■ **TASK STATEMENT**
All entries below must be output word for word, and the pictures left behind.

■ **DATA FOR THE TASK**
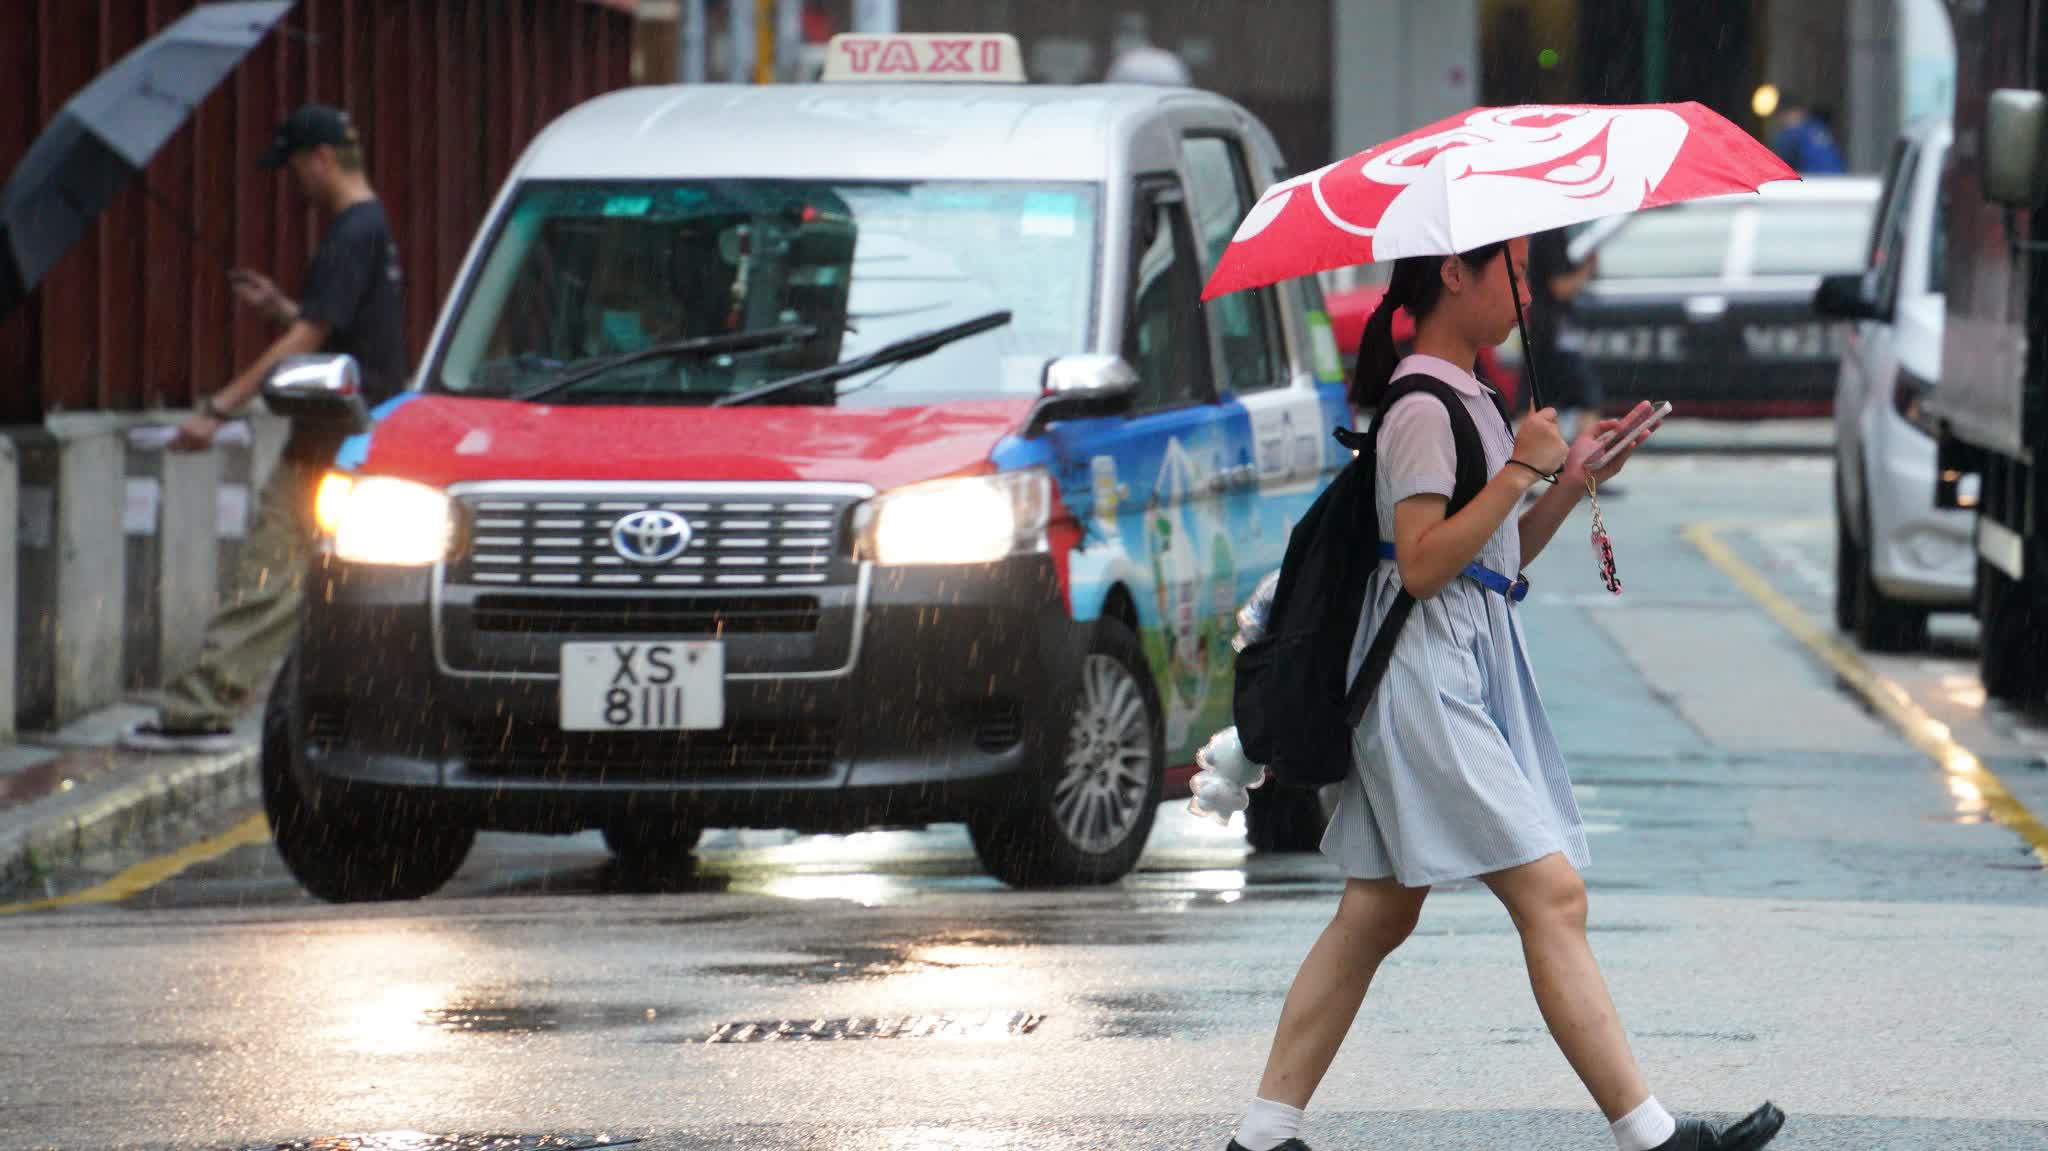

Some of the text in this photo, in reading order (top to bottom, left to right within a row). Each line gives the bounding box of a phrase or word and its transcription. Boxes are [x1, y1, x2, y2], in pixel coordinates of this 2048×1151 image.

[841, 40, 1001, 72] TAXI
[612, 645, 675, 685] XS
[603, 687, 682, 726] 8111
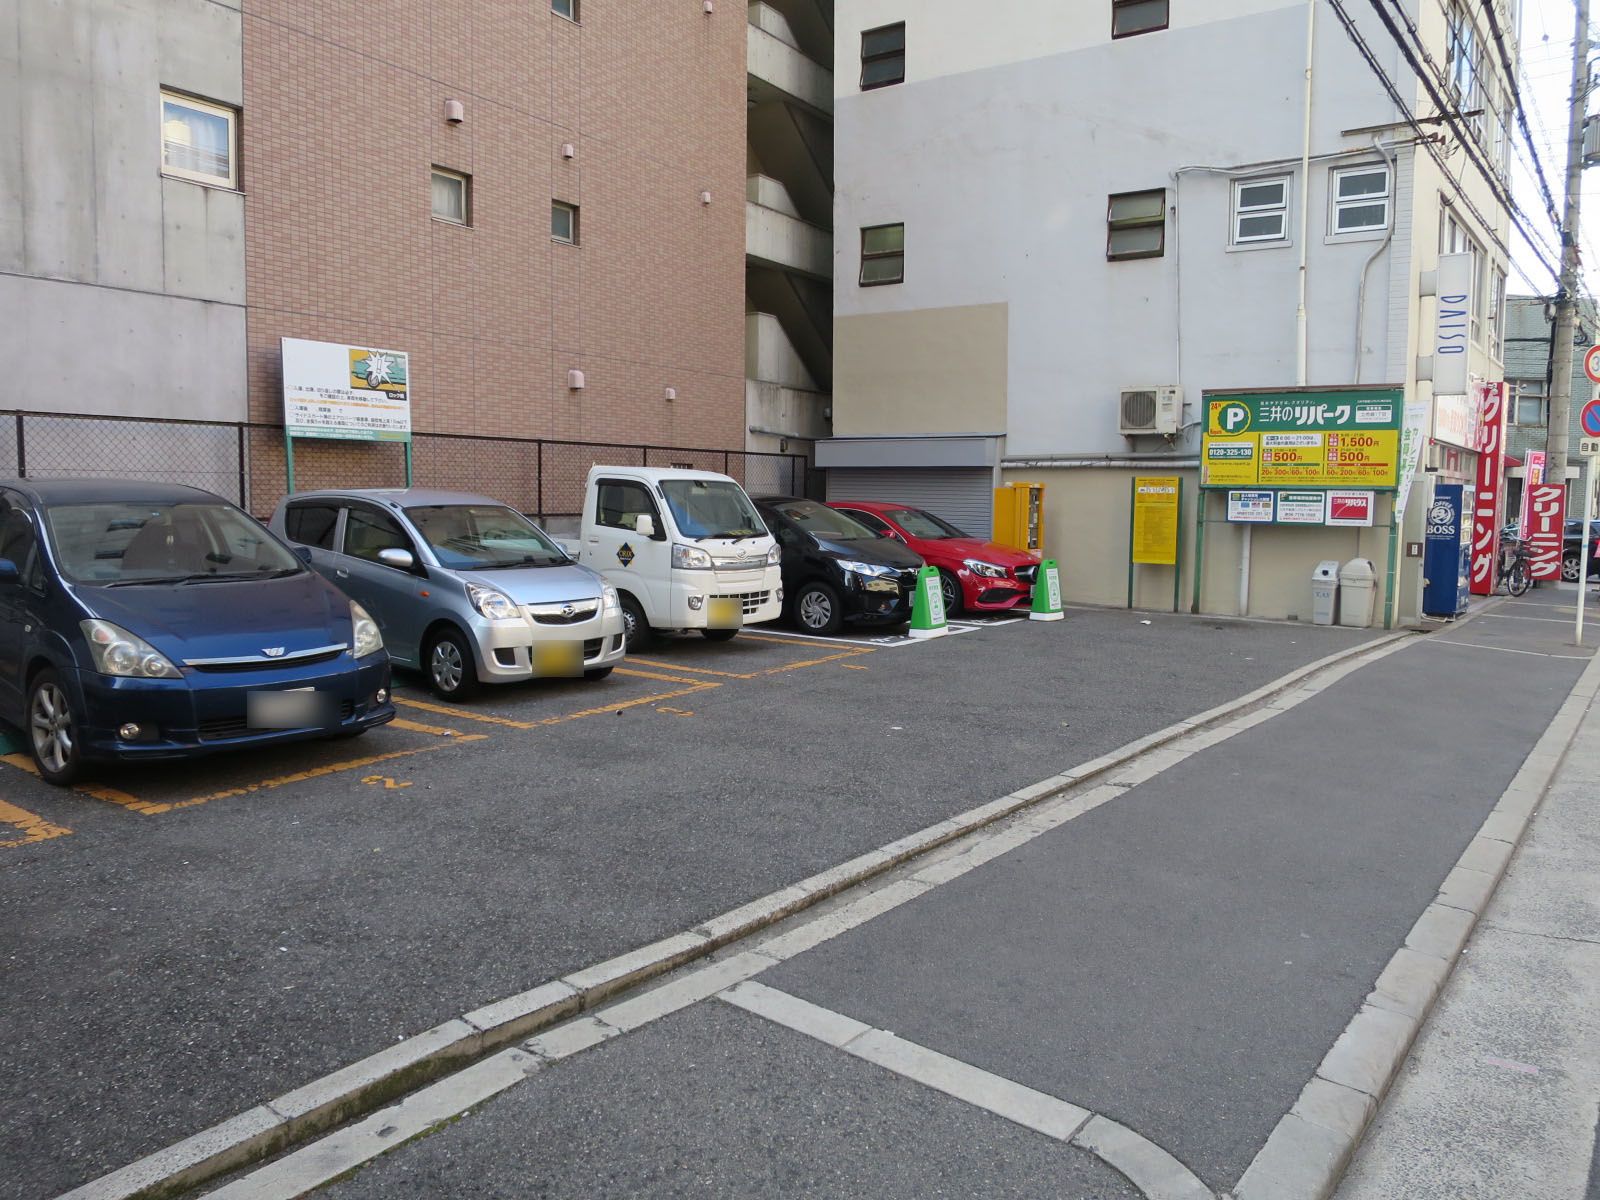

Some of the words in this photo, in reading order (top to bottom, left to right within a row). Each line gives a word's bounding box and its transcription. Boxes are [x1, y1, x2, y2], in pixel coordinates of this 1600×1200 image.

■ **SOLUTION TO THIS EXERCISE**
Some of the text in this photo, in reading order (top to bottom, left to right within a row). Each line gives the bounding box of a phrase or word and its transcription. Boxes are [x1, y1, x2, y2], in pixel coordinates of this 2048×1151 image.

[841, 40, 1001, 72] TAXI
[612, 645, 675, 685] XS
[603, 687, 682, 726] 8111

Some of the words in this photo, in reading order (top to bottom, left to right within a row). Each line gives a word's bounding box and its transcription. Boxes are [x1, y1, x2, y2], in pixel coordinates of this 1600×1200 image.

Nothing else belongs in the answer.